• WHAT YOU HAVE TO DO: Transcribe the records in their entirety, exactly as given.

(SUPPLIED RECORDS Opens)

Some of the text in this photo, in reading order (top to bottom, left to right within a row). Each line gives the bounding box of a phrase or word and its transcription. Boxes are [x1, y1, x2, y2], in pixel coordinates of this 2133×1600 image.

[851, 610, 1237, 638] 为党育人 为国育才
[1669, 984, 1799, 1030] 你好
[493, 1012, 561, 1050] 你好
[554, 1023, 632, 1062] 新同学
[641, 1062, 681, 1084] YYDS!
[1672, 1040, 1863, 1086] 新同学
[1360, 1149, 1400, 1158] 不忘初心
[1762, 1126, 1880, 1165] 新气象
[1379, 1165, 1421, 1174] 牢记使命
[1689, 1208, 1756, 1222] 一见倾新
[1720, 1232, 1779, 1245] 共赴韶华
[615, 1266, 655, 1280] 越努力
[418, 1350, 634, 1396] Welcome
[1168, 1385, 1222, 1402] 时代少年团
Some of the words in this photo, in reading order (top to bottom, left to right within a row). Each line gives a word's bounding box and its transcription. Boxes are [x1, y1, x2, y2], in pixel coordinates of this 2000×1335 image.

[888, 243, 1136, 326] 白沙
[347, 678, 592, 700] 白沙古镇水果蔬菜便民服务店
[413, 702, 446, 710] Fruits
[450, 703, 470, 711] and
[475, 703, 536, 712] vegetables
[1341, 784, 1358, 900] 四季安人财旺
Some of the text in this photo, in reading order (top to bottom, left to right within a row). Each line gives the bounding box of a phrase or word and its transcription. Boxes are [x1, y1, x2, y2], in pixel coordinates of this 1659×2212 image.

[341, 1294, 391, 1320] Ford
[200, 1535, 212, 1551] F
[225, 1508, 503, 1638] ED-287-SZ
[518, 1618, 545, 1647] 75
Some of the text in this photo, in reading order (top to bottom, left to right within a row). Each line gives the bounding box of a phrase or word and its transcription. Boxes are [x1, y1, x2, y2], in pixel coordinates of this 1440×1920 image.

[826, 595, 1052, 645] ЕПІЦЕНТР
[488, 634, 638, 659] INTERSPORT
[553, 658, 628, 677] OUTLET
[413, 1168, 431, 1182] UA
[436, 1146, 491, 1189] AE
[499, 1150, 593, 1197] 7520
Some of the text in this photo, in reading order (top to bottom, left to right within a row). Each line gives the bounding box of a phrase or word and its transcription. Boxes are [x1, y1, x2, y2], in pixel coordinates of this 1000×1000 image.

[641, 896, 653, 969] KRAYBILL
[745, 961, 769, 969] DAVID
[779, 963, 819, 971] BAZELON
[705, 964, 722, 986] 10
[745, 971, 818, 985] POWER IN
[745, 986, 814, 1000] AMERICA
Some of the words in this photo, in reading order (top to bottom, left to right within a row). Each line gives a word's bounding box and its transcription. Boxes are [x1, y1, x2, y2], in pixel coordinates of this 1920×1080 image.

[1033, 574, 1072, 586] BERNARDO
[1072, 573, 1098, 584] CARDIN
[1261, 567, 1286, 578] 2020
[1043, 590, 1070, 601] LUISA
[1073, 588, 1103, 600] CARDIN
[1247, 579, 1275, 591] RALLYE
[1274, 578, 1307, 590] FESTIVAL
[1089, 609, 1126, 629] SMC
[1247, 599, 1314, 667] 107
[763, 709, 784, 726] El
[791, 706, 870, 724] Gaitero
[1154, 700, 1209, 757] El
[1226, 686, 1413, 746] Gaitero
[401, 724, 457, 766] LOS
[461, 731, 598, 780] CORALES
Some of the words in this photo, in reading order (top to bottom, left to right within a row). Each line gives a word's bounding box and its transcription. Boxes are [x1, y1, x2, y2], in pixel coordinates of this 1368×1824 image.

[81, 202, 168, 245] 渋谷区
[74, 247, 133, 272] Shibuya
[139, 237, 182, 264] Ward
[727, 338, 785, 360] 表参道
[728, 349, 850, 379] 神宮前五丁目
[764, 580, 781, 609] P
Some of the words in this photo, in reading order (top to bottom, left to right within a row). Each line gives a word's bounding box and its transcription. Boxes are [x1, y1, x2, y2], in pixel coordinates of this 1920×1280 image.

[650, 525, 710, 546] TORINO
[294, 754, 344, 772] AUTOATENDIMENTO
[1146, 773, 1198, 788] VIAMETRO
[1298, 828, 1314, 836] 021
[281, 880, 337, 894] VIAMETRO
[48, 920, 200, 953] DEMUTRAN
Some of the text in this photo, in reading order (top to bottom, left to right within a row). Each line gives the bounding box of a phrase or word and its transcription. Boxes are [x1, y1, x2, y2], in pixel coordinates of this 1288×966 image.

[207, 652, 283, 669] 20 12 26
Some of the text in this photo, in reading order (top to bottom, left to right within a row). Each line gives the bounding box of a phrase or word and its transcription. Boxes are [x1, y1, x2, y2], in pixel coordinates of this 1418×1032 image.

(SUPPLIED RECORDS Closes)

• RESPONSE AREA:
Some of the text in this photo, in reading order (top to bottom, left to right within a row). Each line gives the bounding box of a phrase or word and its transcription. Boxes are [x1, y1, x2, y2], in pixel coordinates of this 2133×1600 image.

[851, 610, 1237, 638] 为党育人 为国育才
[1669, 984, 1799, 1030] 你好
[493, 1012, 561, 1050] 你好
[554, 1023, 632, 1062] 新同学
[641, 1062, 681, 1084] YYDS!
[1672, 1040, 1863, 1086] 新同学
[1360, 1149, 1400, 1158] 不忘初心
[1762, 1126, 1880, 1165] 新气象
[1379, 1165, 1421, 1174] 牢记使命
[1689, 1208, 1756, 1222] 一见倾新
[1720, 1232, 1779, 1245] 共赴韶华
[615, 1266, 655, 1280] 越努力
[418, 1350, 634, 1396] Welcome
[1168, 1385, 1222, 1402] 时代少年团
Some of the words in this photo, in reading order (top to bottom, left to right within a row). Each line gives a word's bounding box and its transcription. Boxes are [x1, y1, x2, y2], in pixel coordinates of this 2000×1335 image.

[888, 243, 1136, 326] 白沙
[347, 678, 592, 700] 白沙古镇水果蔬菜便民服务店
[413, 702, 446, 710] Fruits
[450, 703, 470, 711] and
[475, 703, 536, 712] vegetables
[1341, 784, 1358, 900] 四季安人财旺
Some of the text in this photo, in reading order (top to bottom, left to right within a row). Each line gives the bounding box of a phrase or word and its transcription. Boxes are [x1, y1, x2, y2], in pixel coordinates of this 1659×2212 image.

[341, 1294, 391, 1320] Ford
[200, 1535, 212, 1551] F
[225, 1508, 503, 1638] ED-287-SZ
[518, 1618, 545, 1647] 75
Some of the text in this photo, in reading order (top to bottom, left to right within a row). Each line gives the bounding box of a phrase or word and its transcription. Boxes are [x1, y1, x2, y2], in pixel coordinates of this 1440×1920 image.

[826, 595, 1052, 645] ЕПІЦЕНТР
[488, 634, 638, 659] INTERSPORT
[553, 658, 628, 677] OUTLET
[413, 1168, 431, 1182] UA
[436, 1146, 491, 1189] AE
[499, 1150, 593, 1197] 7520
Some of the text in this photo, in reading order (top to bottom, left to right within a row). Each line gives the bounding box of a phrase or word and its transcription. Boxes are [x1, y1, x2, y2], in pixel coordinates of this 1000×1000 image.

[641, 896, 653, 969] KRAYBILL
[745, 961, 769, 969] DAVID
[779, 963, 819, 971] BAZELON
[705, 964, 722, 986] 10
[745, 971, 818, 985] POWER IN
[745, 986, 814, 1000] AMERICA
Some of the words in this photo, in reading order (top to bottom, left to right within a row). Each line gives a word's bounding box and its transcription. Boxes are [x1, y1, x2, y2], in pixel coordinates of this 1920×1080 image.

[1033, 574, 1072, 586] BERNARDO
[1072, 573, 1098, 584] CARDIN
[1261, 567, 1286, 578] 2020
[1043, 590, 1070, 601] LUISA
[1073, 588, 1103, 600] CARDIN
[1247, 579, 1275, 591] RALLYE
[1274, 578, 1307, 590] FESTIVAL
[1089, 609, 1126, 629] SMC
[1247, 599, 1314, 667] 107
[763, 709, 784, 726] El
[791, 706, 870, 724] Gaitero
[1154, 700, 1209, 757] El
[1226, 686, 1413, 746] Gaitero
[401, 724, 457, 766] LOS
[461, 731, 598, 780] CORALES
Some of the words in this photo, in reading order (top to bottom, left to right within a row). Each line gives a word's bounding box and its transcription. Boxes are [x1, y1, x2, y2], in pixel coordinates of this 1368×1824 image.

[81, 202, 168, 245] 渋谷区
[74, 247, 133, 272] Shibuya
[139, 237, 182, 264] Ward
[727, 338, 785, 360] 表参道
[728, 349, 850, 379] 神宮前五丁目
[764, 580, 781, 609] P
Some of the words in this photo, in reading order (top to bottom, left to right within a row). Each line gives a word's bounding box and its transcription. Boxes are [x1, y1, x2, y2], in pixel coordinates of this 1920×1280 image.

[650, 525, 710, 546] TORINO
[294, 754, 344, 772] AUTOATENDIMENTO
[1146, 773, 1198, 788] VIAMETRO
[1298, 828, 1314, 836] 021
[281, 880, 337, 894] VIAMETRO
[48, 920, 200, 953] DEMUTRAN
Some of the text in this photo, in reading order (top to bottom, left to right within a row). Each line gives the bounding box of a phrase or word and its transcription. Boxes are [x1, y1, x2, y2], in pixel coordinates of this 1288×966 image.

[207, 652, 283, 669] 20 12 26
Some of the text in this photo, in reading order (top to bottom, left to right within a row). Each line gives the bounding box of a phrase or word and its transcription. Boxes are [x1, y1, x2, y2], in pixel coordinates of this 1418×1032 image.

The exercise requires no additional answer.